2.0 The Orthodox Intervention Framework: Stabilization and Structural Adjustment
To address economic instability in LDCs, the IMF and World Bank developed a standardized policy toolkit that became the orthodox approach to crisis management in the latter half of the 20th century. This framework is built upon two core pillars: Stabilization and Structural Adjustment. These strategies, often implemented in sequence or concurrently, are designed to correct macroeconomic imbalances in the short term and reshape the underlying structure of the economy for long-term growth.

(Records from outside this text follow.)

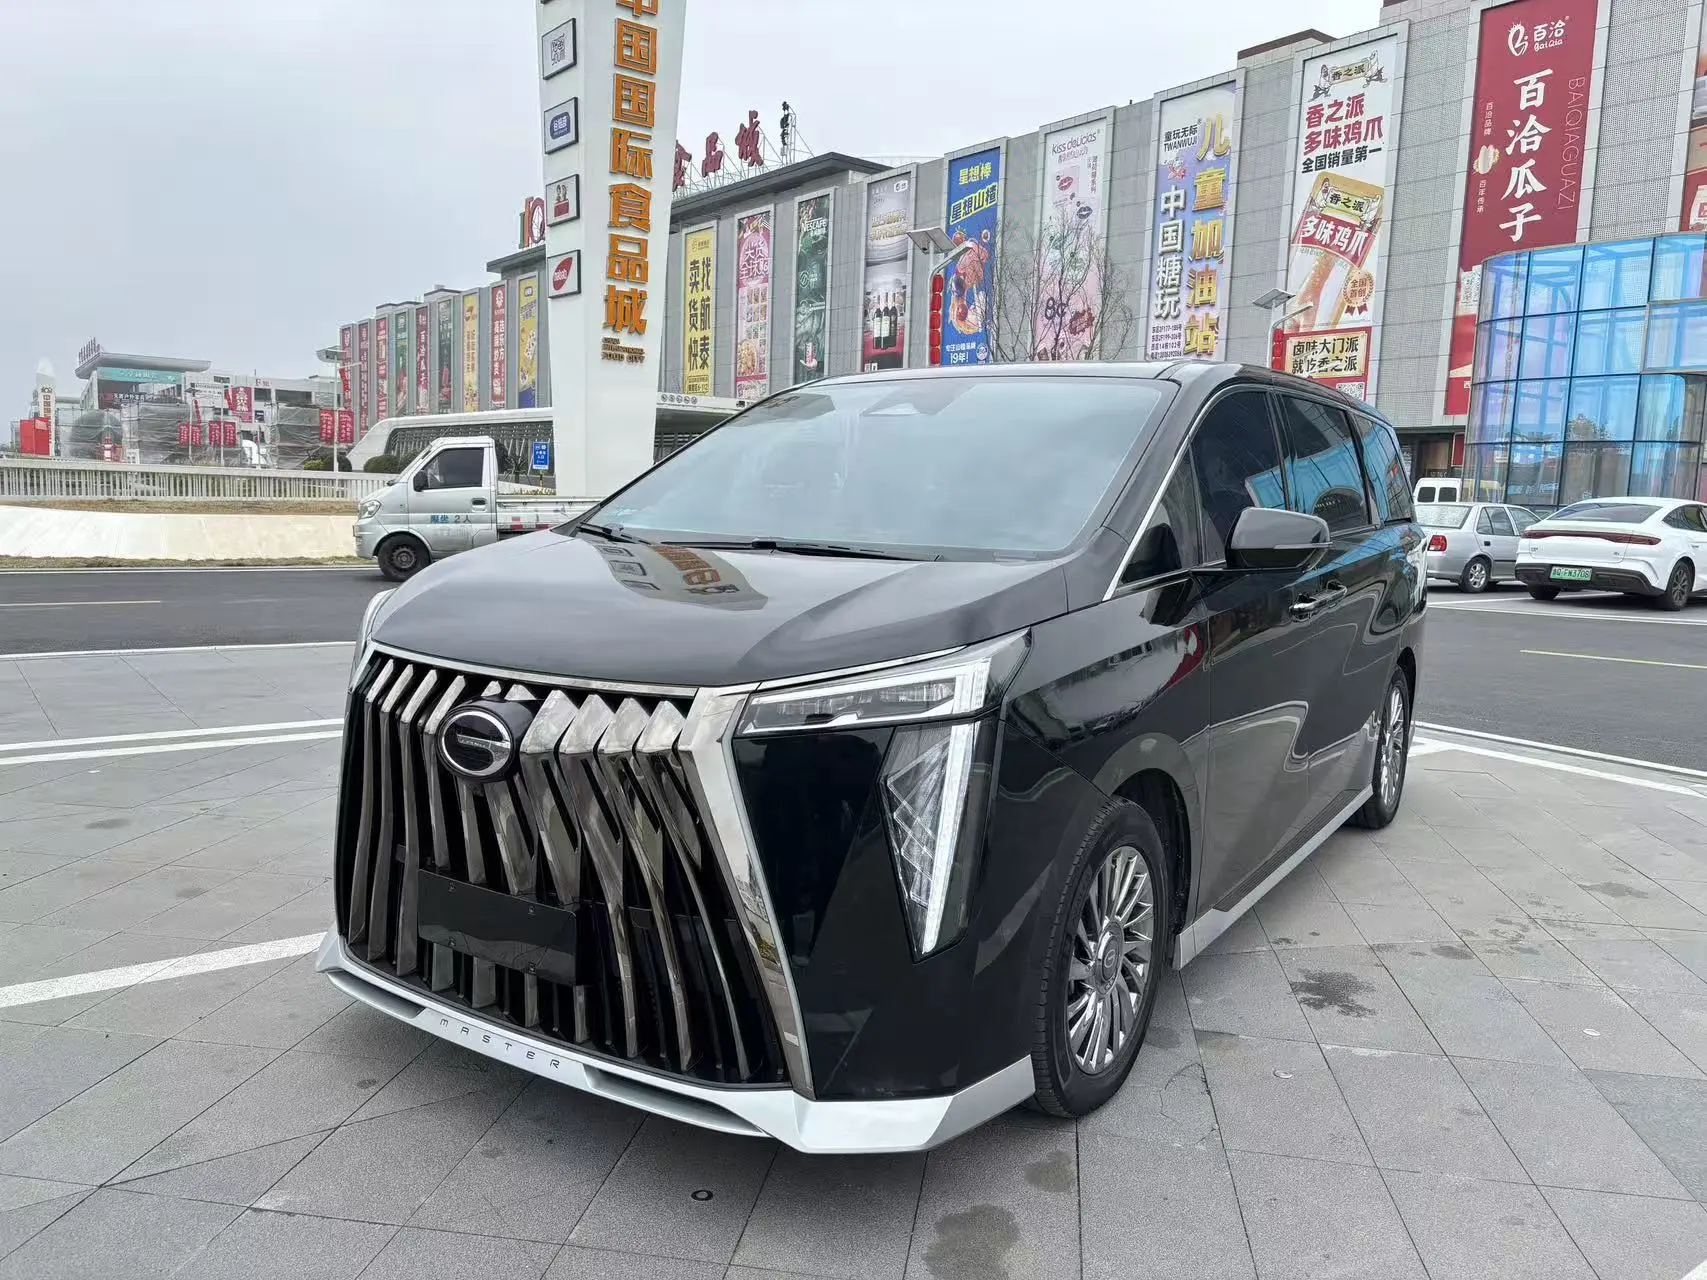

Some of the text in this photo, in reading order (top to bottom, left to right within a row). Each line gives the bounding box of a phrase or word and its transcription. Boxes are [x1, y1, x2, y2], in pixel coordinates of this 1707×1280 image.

[1533, 19, 1566, 42] 百洽
[1331, 63, 1366, 81] 香之派
[1305, 92, 1365, 129] 香之派
[1164, 124, 1198, 142] 童玩无际
[1303, 116, 1384, 156] 多味鸡爪
[1557, 75, 1586, 210] BAIQIAGUAZI
[958, 161, 992, 185] 星想棒
[1301, 146, 1382, 174] 全国销量第一
[1499, 68, 1554, 242] 百洽瓜子
[950, 181, 998, 225] 星想山楂
[1329, 193, 1366, 212] 香之派
[1154, 185, 1186, 319] 中国糖玩
[1184, 114, 1231, 357] 儿童加油站
[1300, 216, 1369, 257] 多味鸡爪
[688, 259, 700, 372] 卖货快
[1291, 354, 1358, 374] 就吃香之派
[1292, 335, 1360, 357] 卤味大门派
[454, 514, 461, 524] 2
[463, 514, 472, 524] 人
[440, 1018, 560, 1069] MASTER
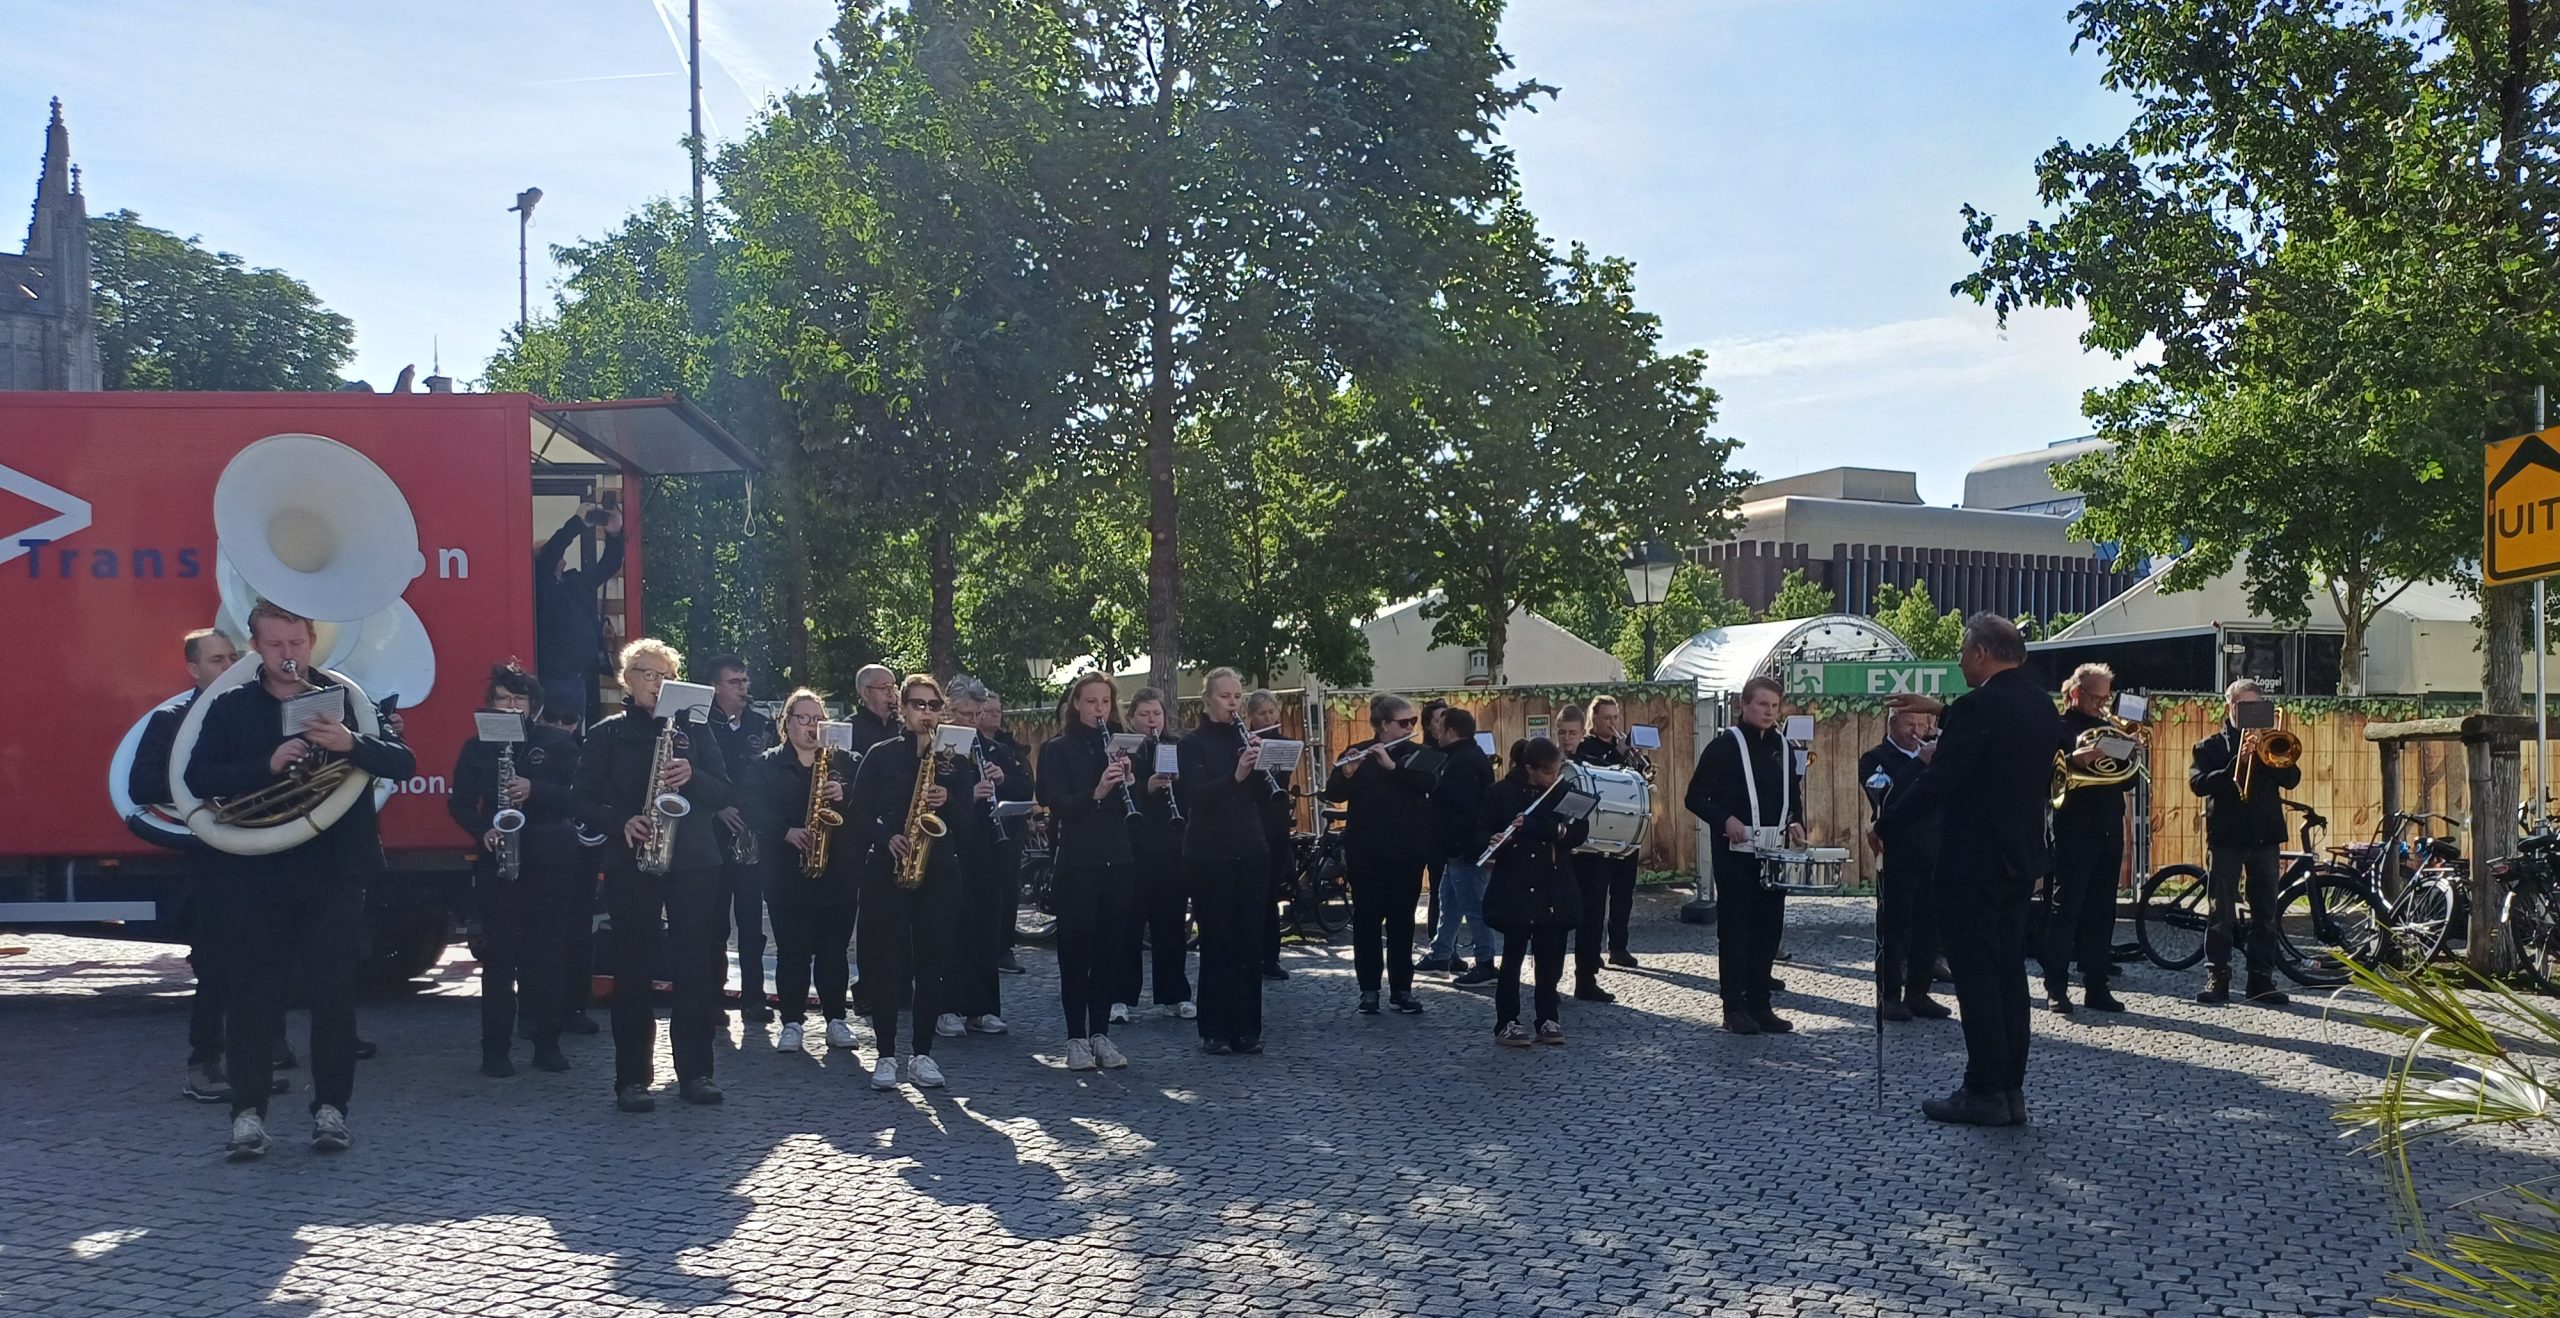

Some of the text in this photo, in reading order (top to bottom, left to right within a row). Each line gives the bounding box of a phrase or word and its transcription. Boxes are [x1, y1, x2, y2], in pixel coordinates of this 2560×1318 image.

[2498, 496, 2560, 539] UIT
[1867, 668, 1947, 694] EXIT
[2254, 675, 2282, 688] Zoggel

- Stabilization policies are primarily concerned with achieving internal and external balance. These measures, typically implemented under the guidance of the IMF, involve a combination of monetary, fiscal, and exchange-rate adjustments. The goal is to reduce aggregate demand, curb inflation, and correct balance of payments deficits. Key tools include restricting money supply growth, reducing government spending, and devaluing the domestic currency to make exports more competitive and imports more expensive.

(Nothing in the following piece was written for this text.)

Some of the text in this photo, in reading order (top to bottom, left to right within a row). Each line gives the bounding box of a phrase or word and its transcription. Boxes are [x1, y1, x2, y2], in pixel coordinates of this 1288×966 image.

- Structural Adjustment policies, often championed by the World Bank, are supply-side reforms aimed at increasing economic efficiency and capacity. The core tenets of structural adjustment include privatization of state-owned enterprises (SOEs), deregulation of industries to promote competition, decontrol of wages and prices to allow markets to function freely, and the liberalization of trade and financial markets.

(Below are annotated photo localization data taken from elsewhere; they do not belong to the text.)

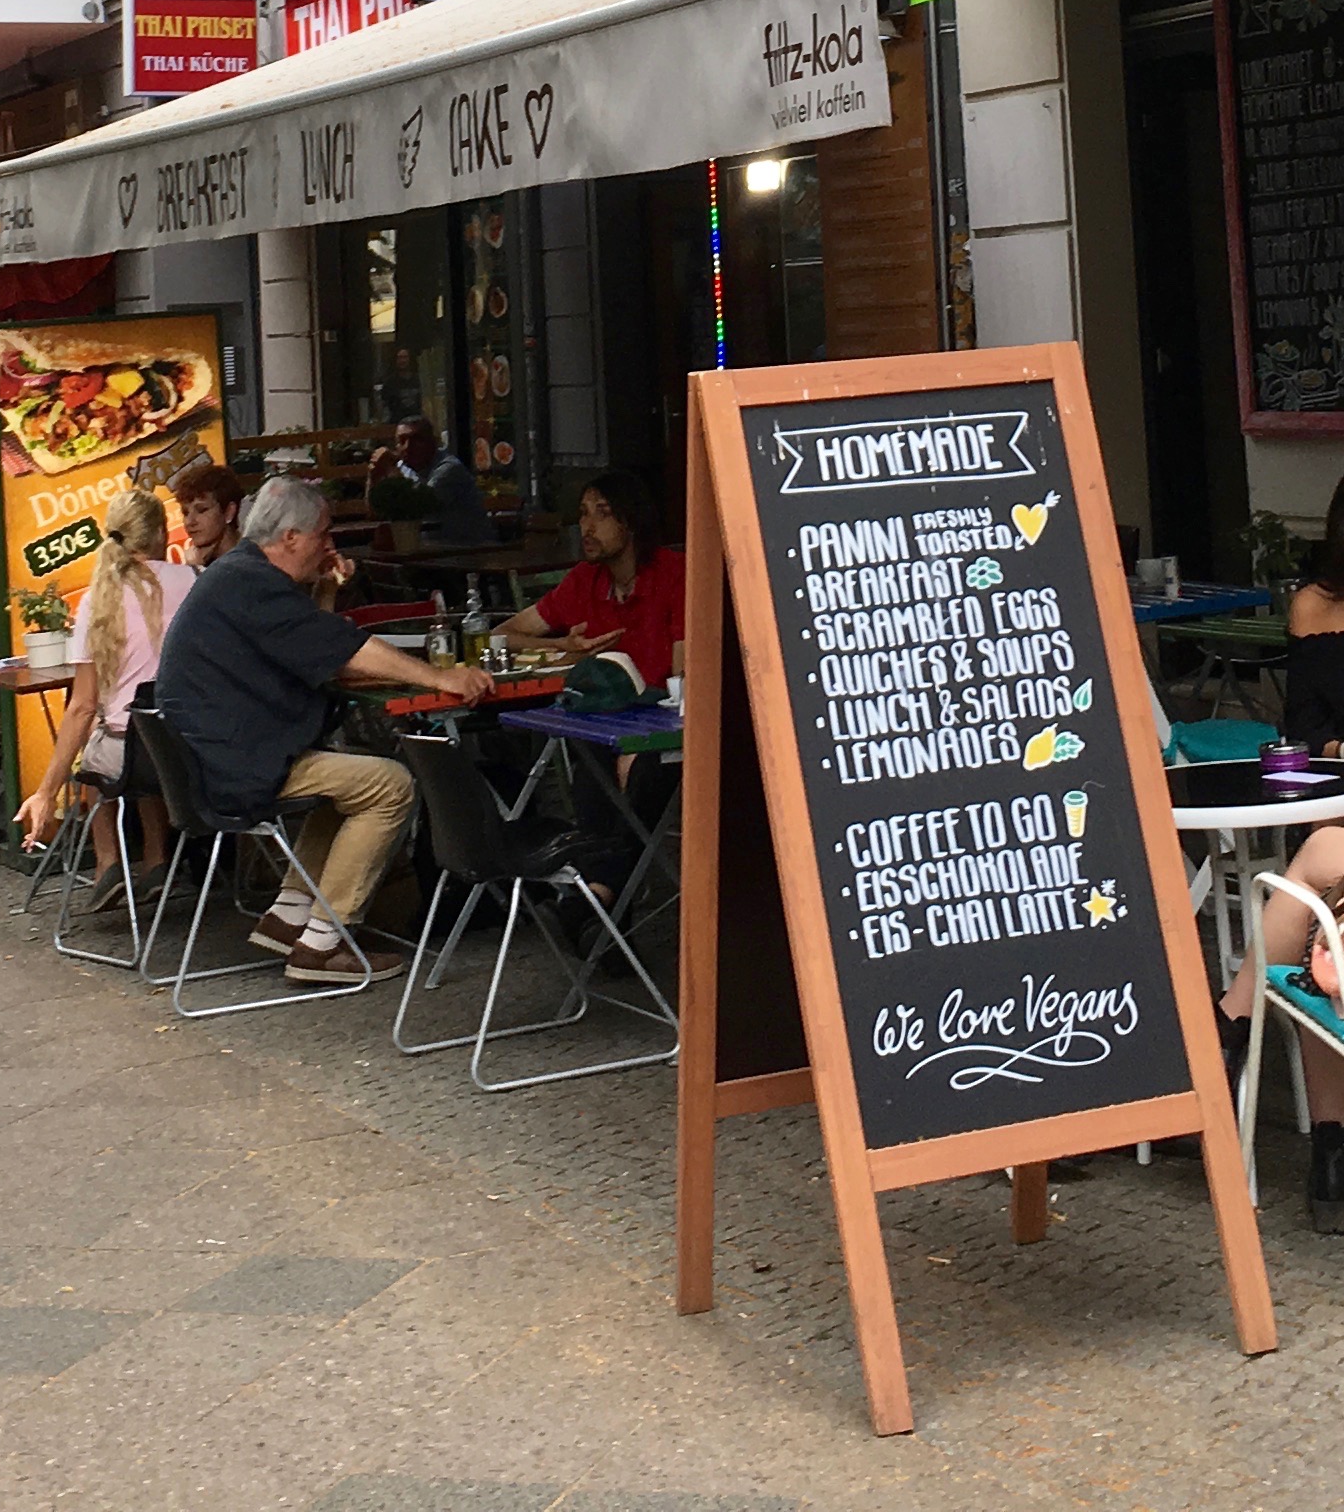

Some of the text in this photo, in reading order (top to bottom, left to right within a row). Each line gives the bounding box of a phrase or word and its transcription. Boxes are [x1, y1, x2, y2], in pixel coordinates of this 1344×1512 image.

[135, 15, 255, 39] THAI PHISET
[816, 81, 866, 119] koffein
[157, 84, 513, 233] BREAKFAST LUNCH CAKE
[816, 424, 1003, 482] HOMEMADE
[27, 472, 133, 529] Döner
[31, 525, 97, 570] 3,50€
[799, 506, 993, 572] PANINI FRESHLY
[914, 524, 1014, 557] TOASTED
[805, 556, 965, 612] BREAKFAST
[813, 587, 1062, 652] SCRAMBLED EGGS
[819, 630, 1075, 697] QUICHES & SOUPS
[828, 675, 1074, 742] LUNCH & SALADS
[835, 724, 1021, 785] LEMONADES
[845, 794, 1058, 869] COFFEE TO GO
[855, 842, 1089, 913] EISSCHOKOLADE
[1006, 886, 1085, 938] LATTE
[873, 974, 1139, 1057] We love Vegans

The intellectual foundation for this orthodox framework is the “Washington Consensus,” a term referring to a set of policy prescriptions favored by the IMF, the World Bank, and the U.S. government. The consensus promotes reliance on market prices for resource allocation, fiscal and monetary discipline, trade and exchange-rate liberalization, and the privatization of public enterprises. This approach assumes that removing state intervention and allowing market forces to operate freely will lead to greater efficiency and economic growth. The implementation of these far-reaching reforms, however, sparked a critical debate over the appropriate pace and sequencing of policy change.